The quality of soil structure will decline under most forms of cultivation—the associated mechanical mixing of the soil compacts and shears aggregates and fills pore spaces; it also exposes organic matter to a greater rate of decay and oxidation. A further consequence of continued cultivation and traffic is the development of compacted, impermeable layers or 'pans' within the profile.

The decline of soil structure under irrigation is usually related to the breakdown of aggregates and dispersion of clay material as a result of rapid wetting. This is particularly so if soils are sodic; that is, having a high exchangeable sodium percentage (ESP) of the cations attached to the clays. High sodium levels (compared to high calcium levels) cause particles to repel one another when wet, and the associated aggregates to disaggregate and disperse. The ESP will increase if irrigation causes salty water (even of low concentration) to gain access to the soil.

A wide range of practices are undertaken to preserve and improve soil structure. For example, the NSW Department of Land and Water Conservation advocates: increasing organic content by incorporating pasture phases into cropping rotations; reducing or eliminating tillage and cultivation in cropping and pasture activities; avoiding soil disturbance during periods of excessive dry or wet when soils may accordingly tend to shatter or smear; and ensuring sufficient ground cover to protect the soil from raindrop impact. In irrigated agriculture, it may be recommended to: apply gypsum (calcium sulfate) to displace sodium cations with calcium and so reduce ESP or sodicity, avoid rapid wetting, and avoid disturbing soils when too wet or dry.

Types
Platy – The units are flat and platelike. They are generally oriented horizontally.

Prismatic – The individual units are bounded by flat to rounded vertical faces. Units are distinctly longer vertically, and the faces are typically casts or molds of adjoining units.

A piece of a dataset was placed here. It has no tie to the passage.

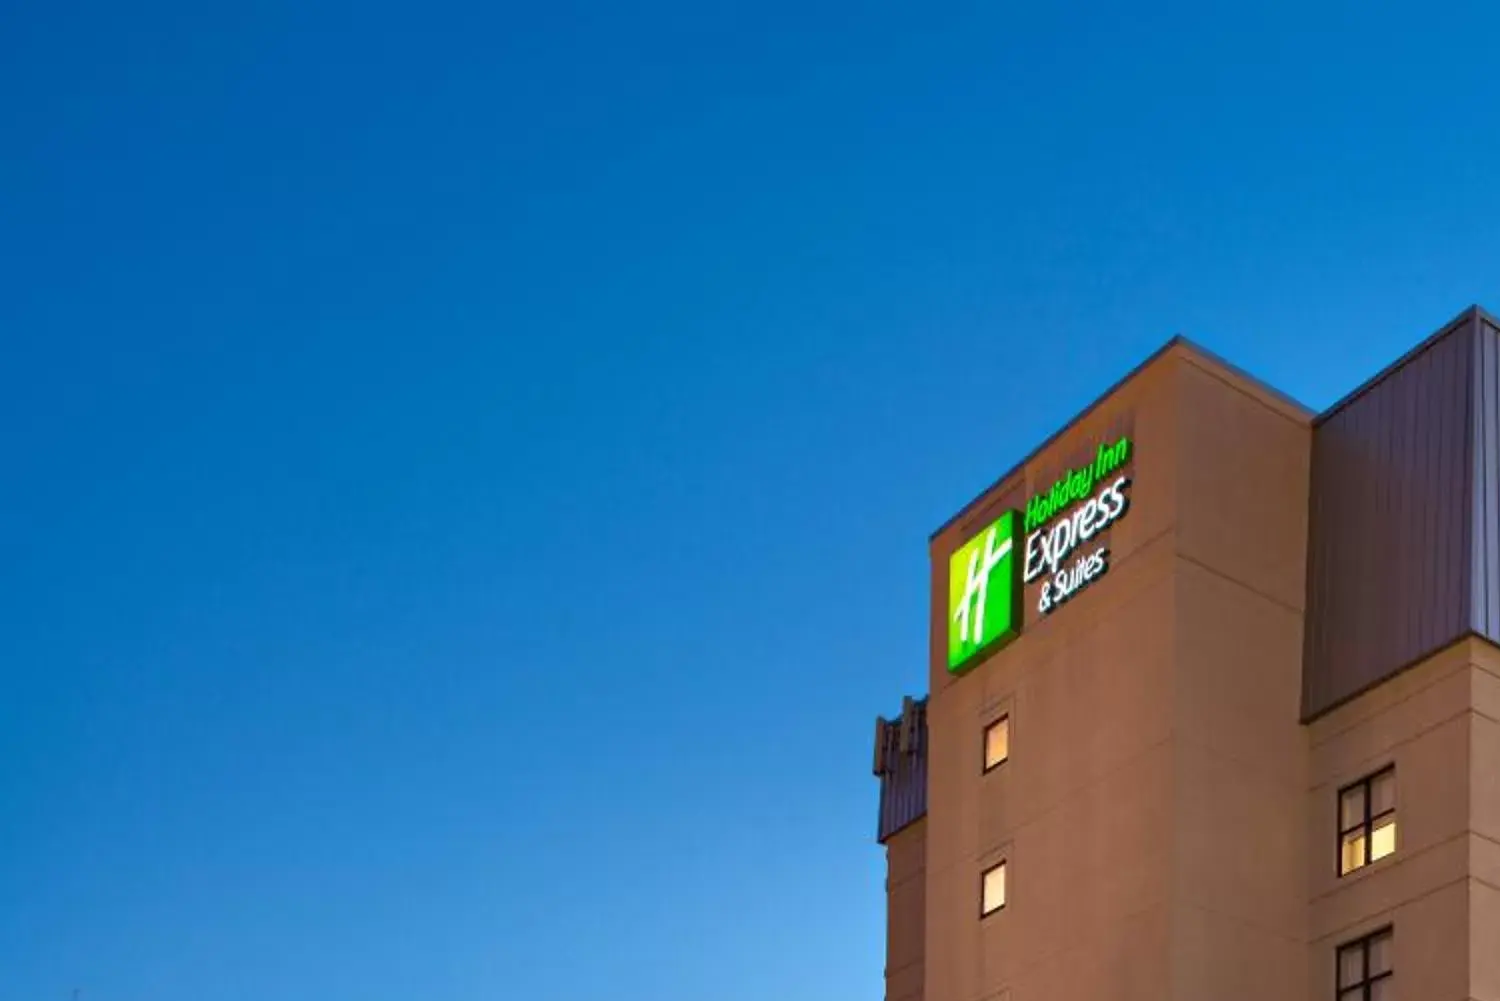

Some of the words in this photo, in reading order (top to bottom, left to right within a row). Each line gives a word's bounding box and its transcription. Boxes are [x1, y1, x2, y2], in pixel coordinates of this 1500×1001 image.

Vertices are angular or subrounded; the tops of the prisms are somewhat indistinct and normally flat. Figure 3-17 shows a soil profile with prismatic structure in the subsoil.

Columnar – The units are similar to prisms and bounded by flat or slightly rounded vertical faces. The tops of columns, in contrast to those of prisms, are very distinct and normally rounded.

Blocky – The units are blocklike or polyhedral. They are bounded by flat or slightly rounded surfaces that are casts of the faces of surrounding peds. Typically, blocky structural units are nearly equidimensional but grade to prisms and plates. The structure is described as angular blocky (fig. 3-18) if the faces intersect at relatively sharp angles and as subangular blocky if the faces are a mixture of rounded and plane faces and the corners are mostly rounded.

Granular – The units are approximately spherical or polyhedral. They are bounded by curved or very irregular faces that are not casts of adjoining peds.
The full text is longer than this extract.